The former Labour Lord Chancellor, Lord (Charlie) Falconer, described Bill as ‘an outstandingly impressive lawyer and wonderful advocate’, as someone who was ‘always straightforward and kind’ and as a man who ‘understood politics and a life beyond work’. High Court Judge Dame Laura Cox recalled how supportive and encouraging Bill had been when, as a young lawyer, she was not sure she had made the right decision. She recalled, too, his ‘really mischievous sense of humour’ and ‘many hilarious moments’ they shared at the Bar and at the Employment Appeals Tribunal when Bill was a judge. Lord Justice David Richards (Court of Appeal judge) remarked on what ‘wonderful company’ Bill was and on how he ‘always had something interesting to say on a wide range of subjects from politics to law to opera, leavened with a bit of low gossip’. Monty Trent (who was a District Judge at the Mayor’s and City of London Court), described Bill as the best judge he had ‘ever had the privilege of working with’ and ‘an enchanting friend and companion’.

Bill’s enormous range of cultural interests included the history of art (on retiring as a judge, he further enhanced his knowledge in that field by taking a degree in art history at the Courtauld Institute), archeology, music (especially opera), theatre, novels and poetry. A thoroughgoing bibliophile with a large library, he collected travel books in particular. He also enjoyed the actual travel, especially when it led to architecturally or artistically interesting destinations.

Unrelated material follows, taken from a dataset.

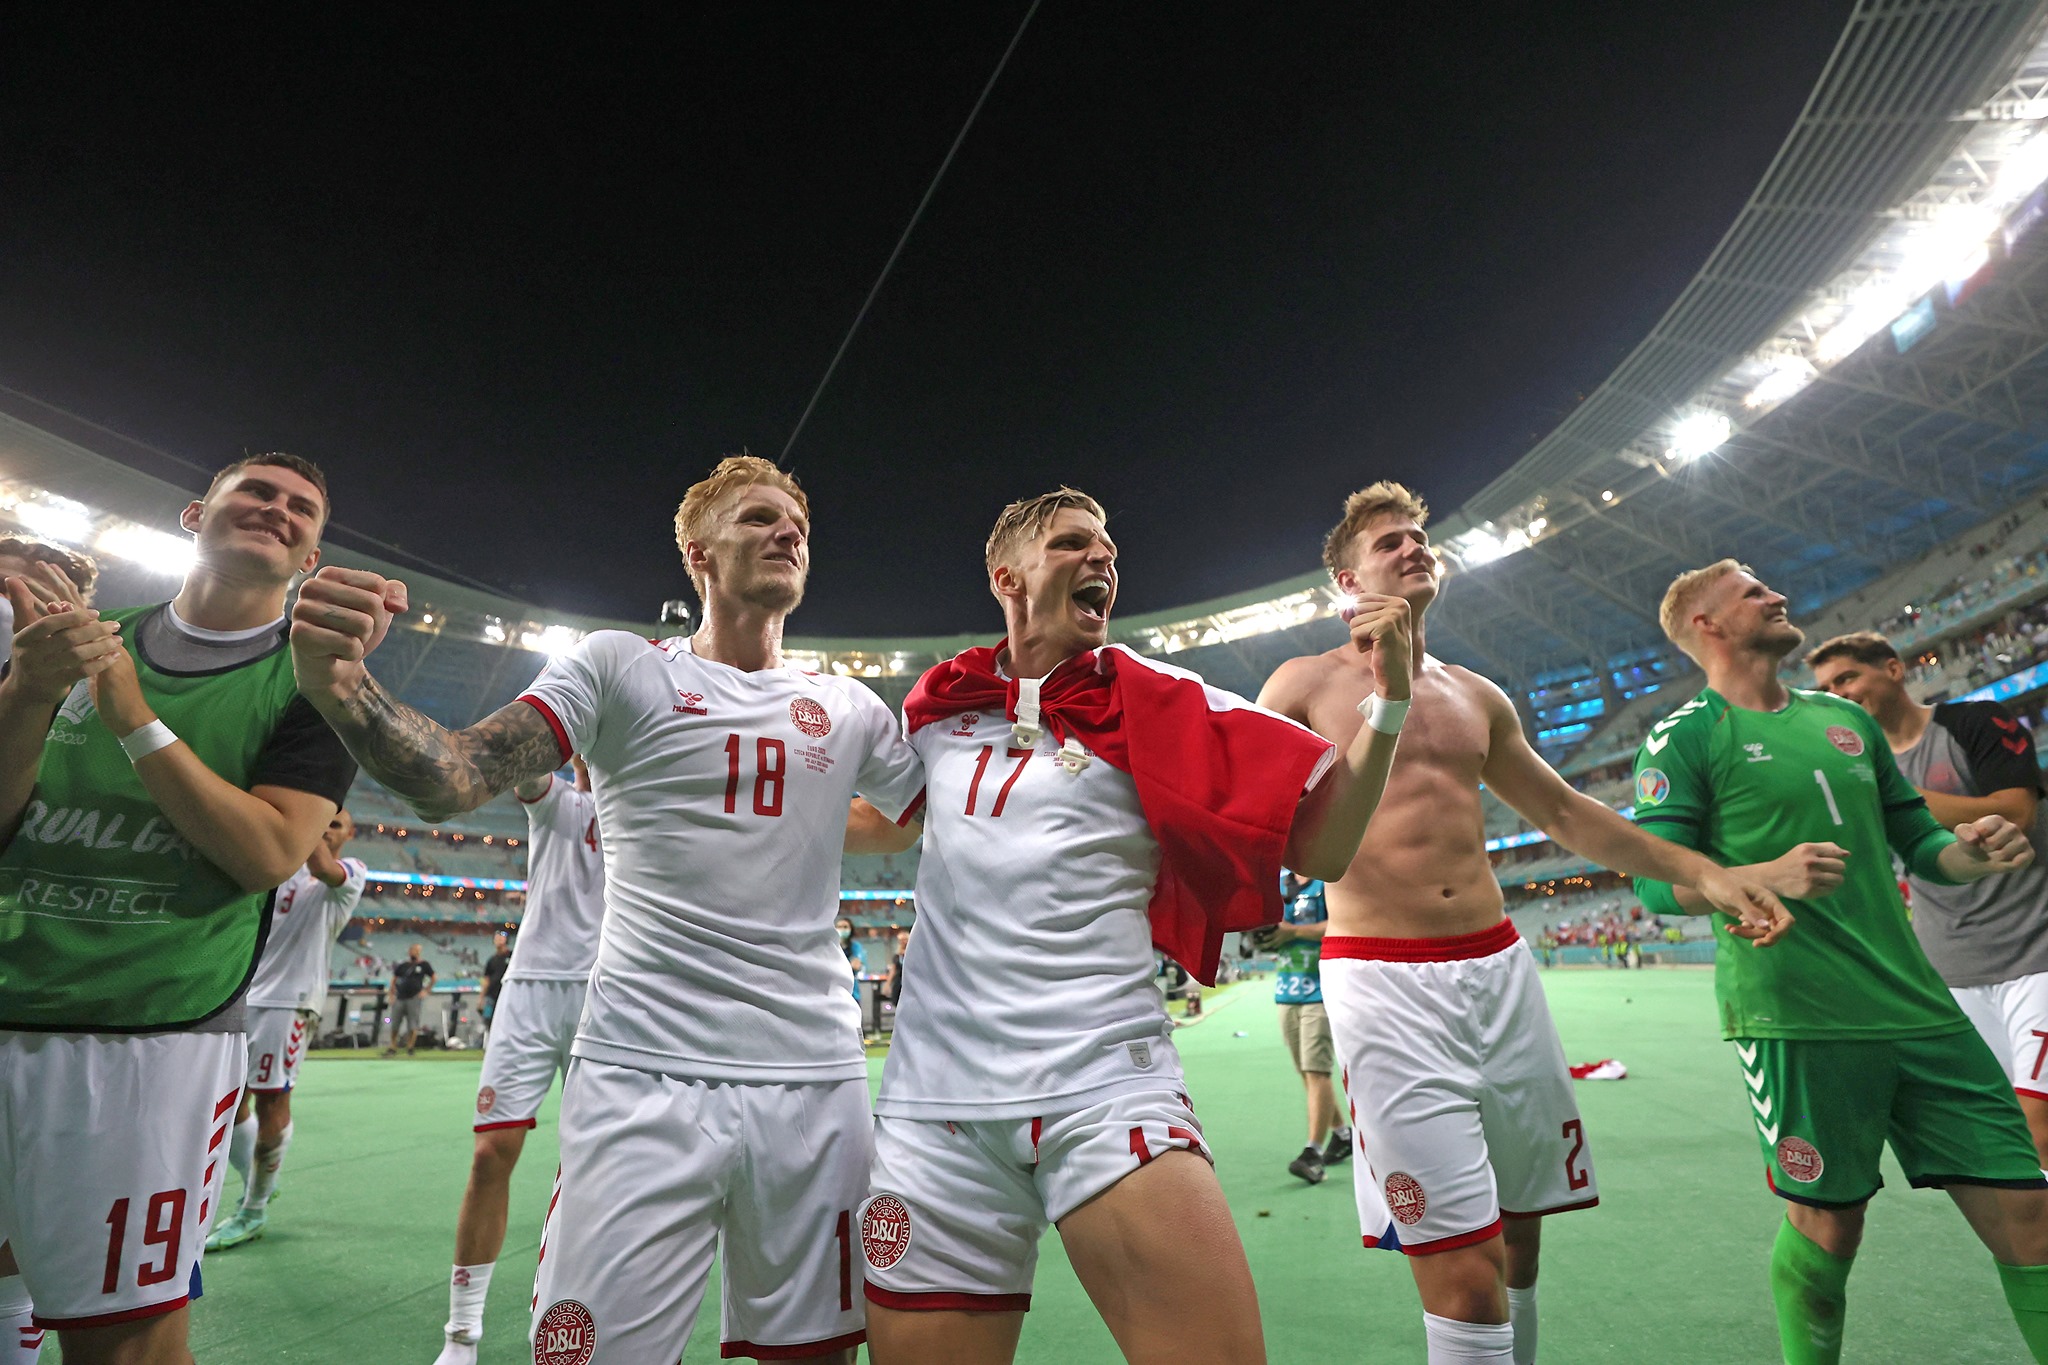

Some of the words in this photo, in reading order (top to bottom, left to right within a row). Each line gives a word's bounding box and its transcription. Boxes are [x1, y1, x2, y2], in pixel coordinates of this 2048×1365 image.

Time and again those who recall Bill revert to his remarkable talent for friendship. He had friends from every part and place of his life – law, politics, art history, London, Oxford and Norfolk. A generous host, Bill was a bon viveur and the life and soul of many a party. That he brought such cheer to so many others was all the more impressive because, as was known only to those closest to him, from his teenage years he had himself suffered from depression. Yet he remained active and optimistic during the last year of his life while one serious medical condition after another was diagnosed. When the problems suddenly worsened and he was taken into the Royal London Hospital over Christmas 2019, he accepted calmly the news that his illness was incurable and spent his remaining time, in Patricia’s words, in ‘precious, final conversations’ with her and their two children, Alexandra and Nicholas Birtles.

Bill is survived by Patricia, Alexandra and Nicholas and by his brother Stephen Birtles. The family expressed the hope that anyone wishing to make a donation in Bill’s memory should consider doing so to any one of the following: the Royal London Hospital (where Bill had much care, especially in his final illness), the North Norfolk Music Festival (which Bill loved) and St Antony’s College (in particular, the Russian and Eurasian Studies Centre). Many of us in the College, for our part, cherish our happy memories of Bill, mourn his departure, and have conveyed our deep sympathy to his family on their still greater loss.